++++ Listed records ++++

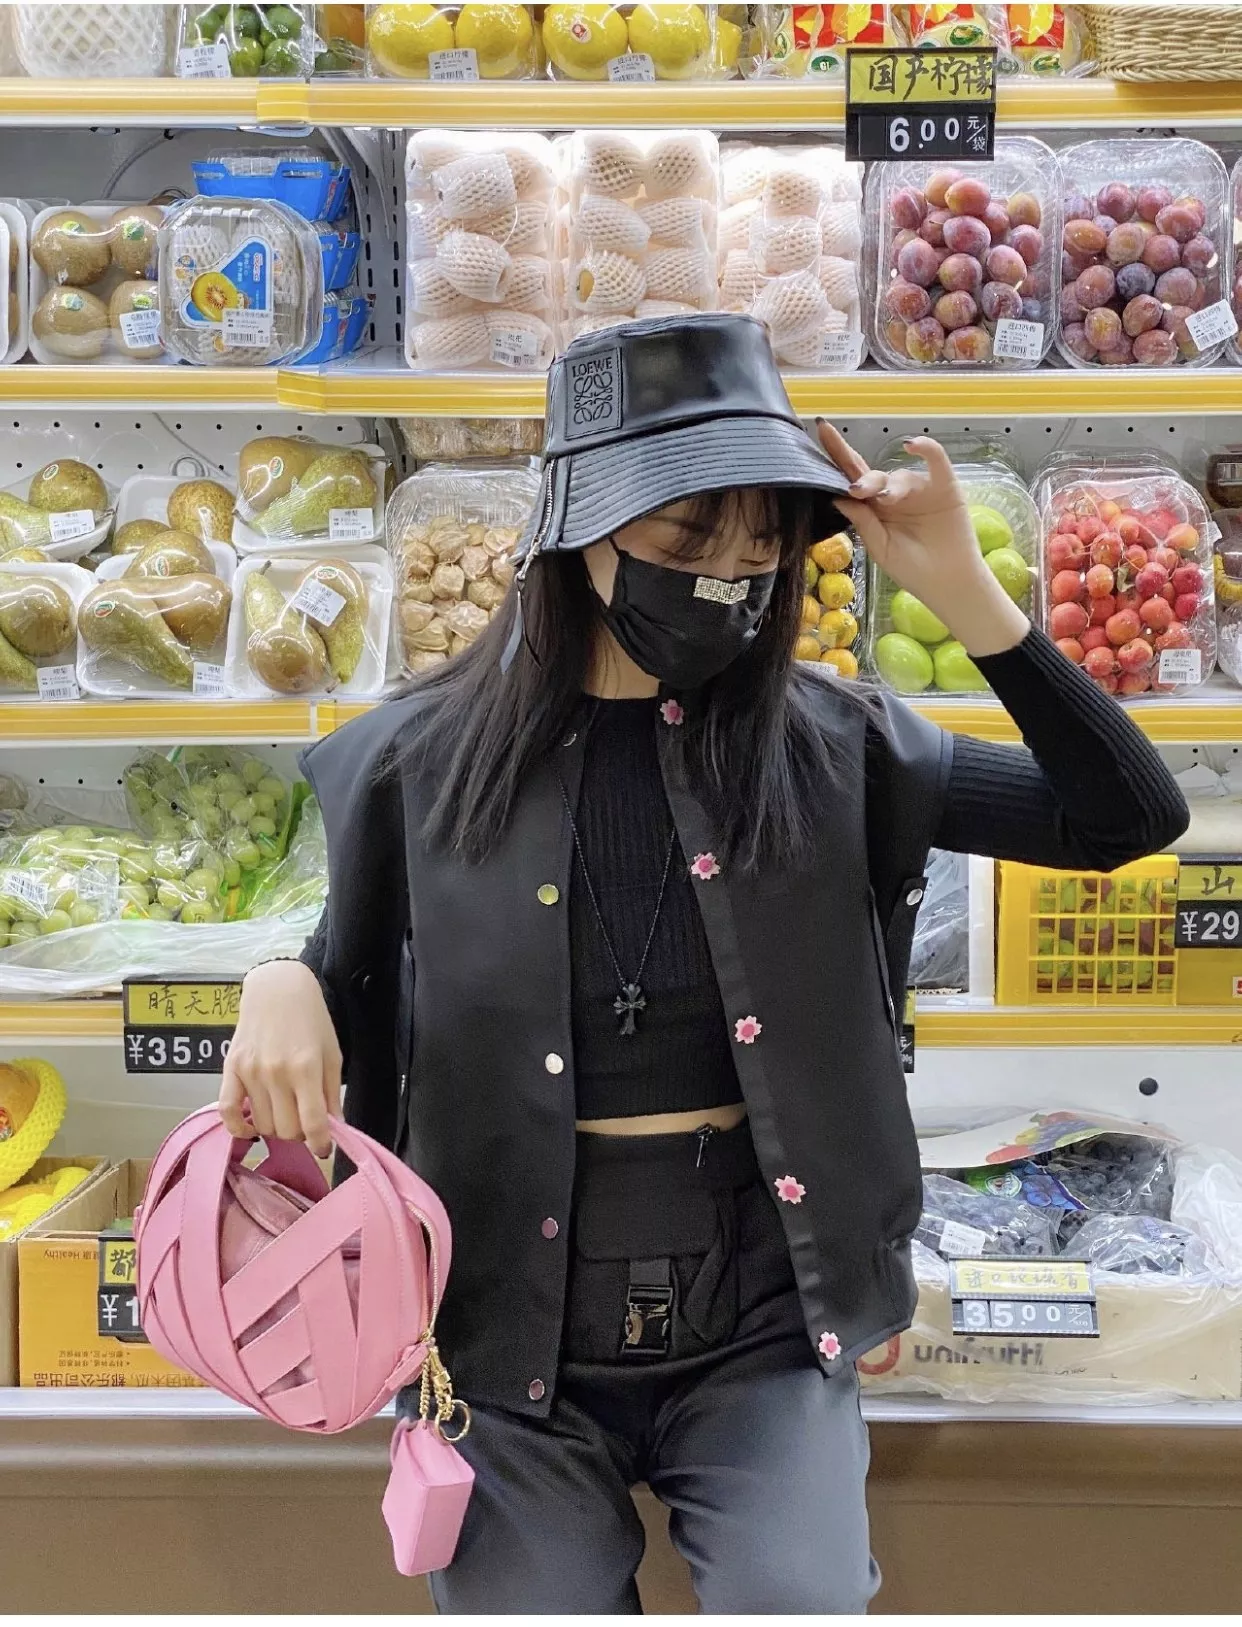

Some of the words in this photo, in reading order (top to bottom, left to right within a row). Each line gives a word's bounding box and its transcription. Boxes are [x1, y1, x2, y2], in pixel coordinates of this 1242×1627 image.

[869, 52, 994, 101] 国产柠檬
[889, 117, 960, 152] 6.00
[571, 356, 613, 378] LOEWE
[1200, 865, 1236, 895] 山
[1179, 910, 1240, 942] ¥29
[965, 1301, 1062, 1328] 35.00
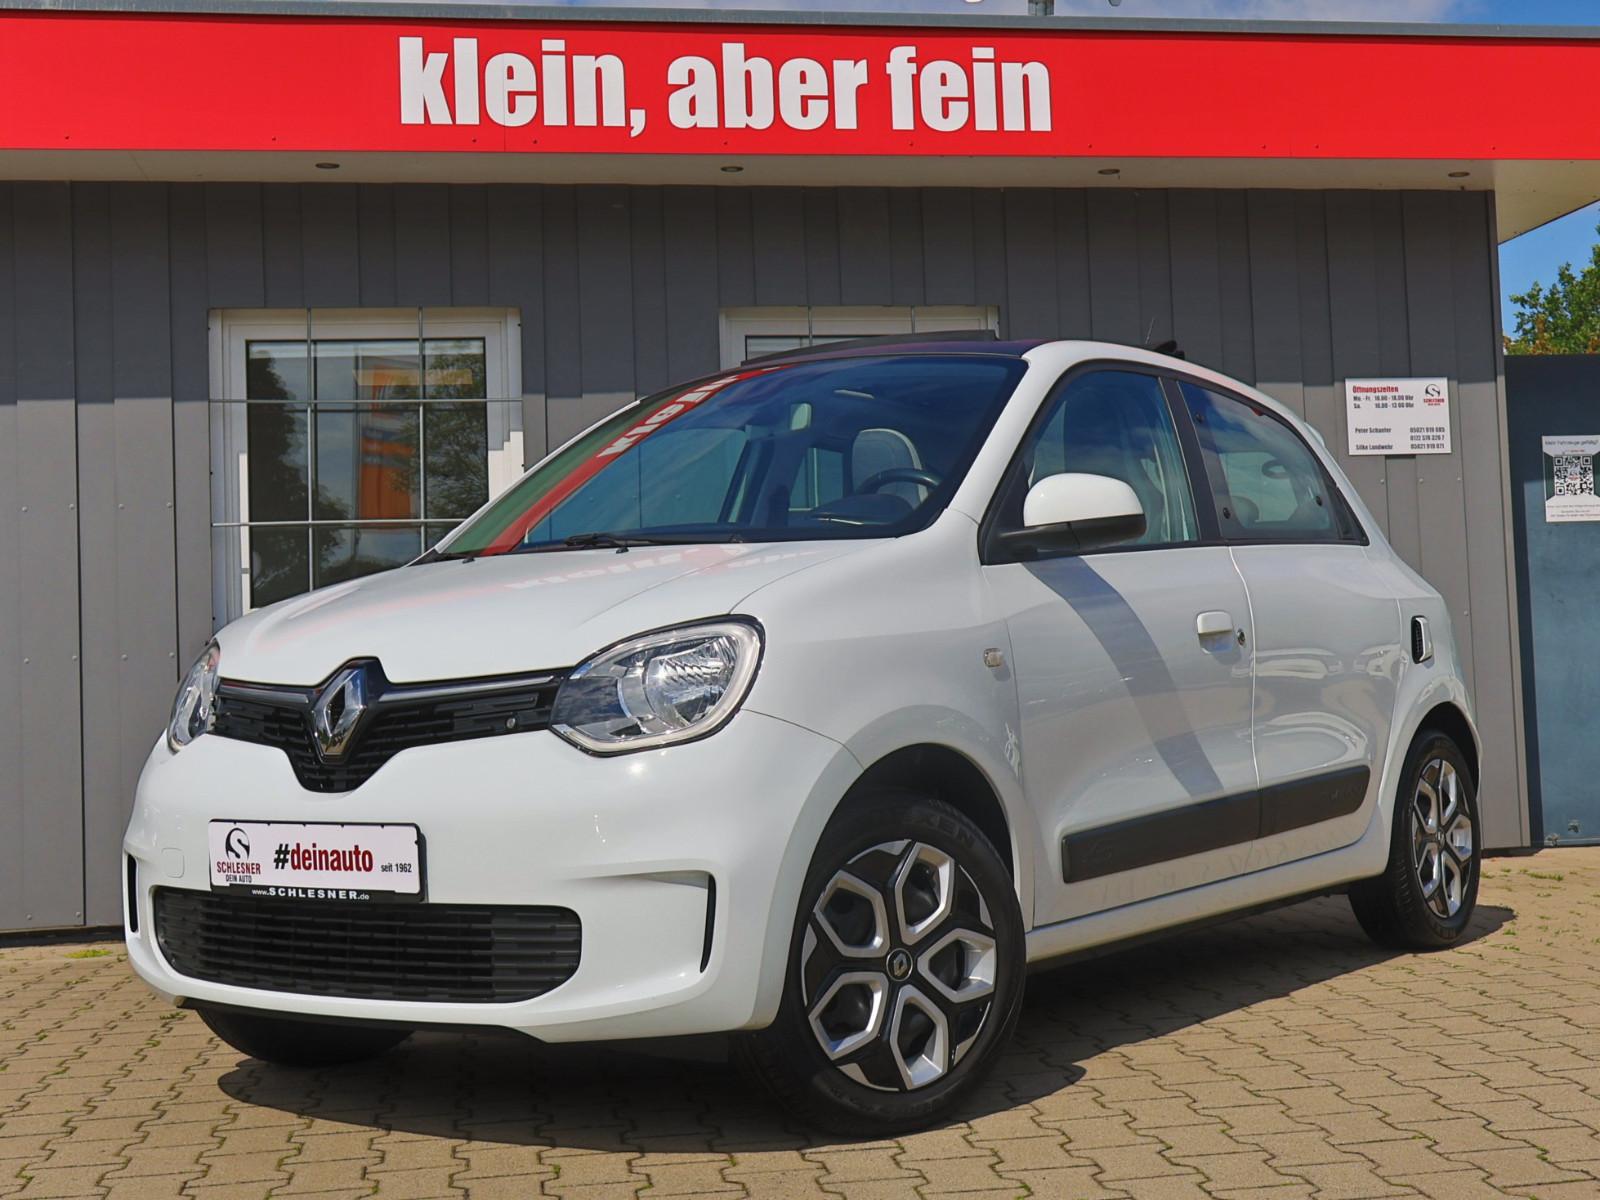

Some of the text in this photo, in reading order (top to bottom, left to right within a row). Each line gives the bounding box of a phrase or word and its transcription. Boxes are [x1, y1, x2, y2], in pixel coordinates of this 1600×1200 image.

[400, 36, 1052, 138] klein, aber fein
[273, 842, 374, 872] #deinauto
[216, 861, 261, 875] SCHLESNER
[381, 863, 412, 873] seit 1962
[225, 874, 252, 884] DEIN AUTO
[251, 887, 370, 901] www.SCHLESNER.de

++++

__Problem statement__:
What you return must match, line for line, the data from the line containing "Some of the text" to its end, both ends included.

__Answer to the exercise__:
Some of the text in this photo, in reading order (top to bottom, left to right within a row). Each line gives the bounding box of a phrase or word and its transcription. Boxes are [x1, y1, x2, y2], in pixel coordinates of this 1600×1200 image.

[400, 36, 1052, 138] klein, aber fein
[273, 842, 374, 872] #deinauto
[216, 861, 261, 875] SCHLESNER
[381, 863, 412, 873] seit 1962
[225, 874, 252, 884] DEIN AUTO
[251, 887, 370, 901] www.SCHLESNER.de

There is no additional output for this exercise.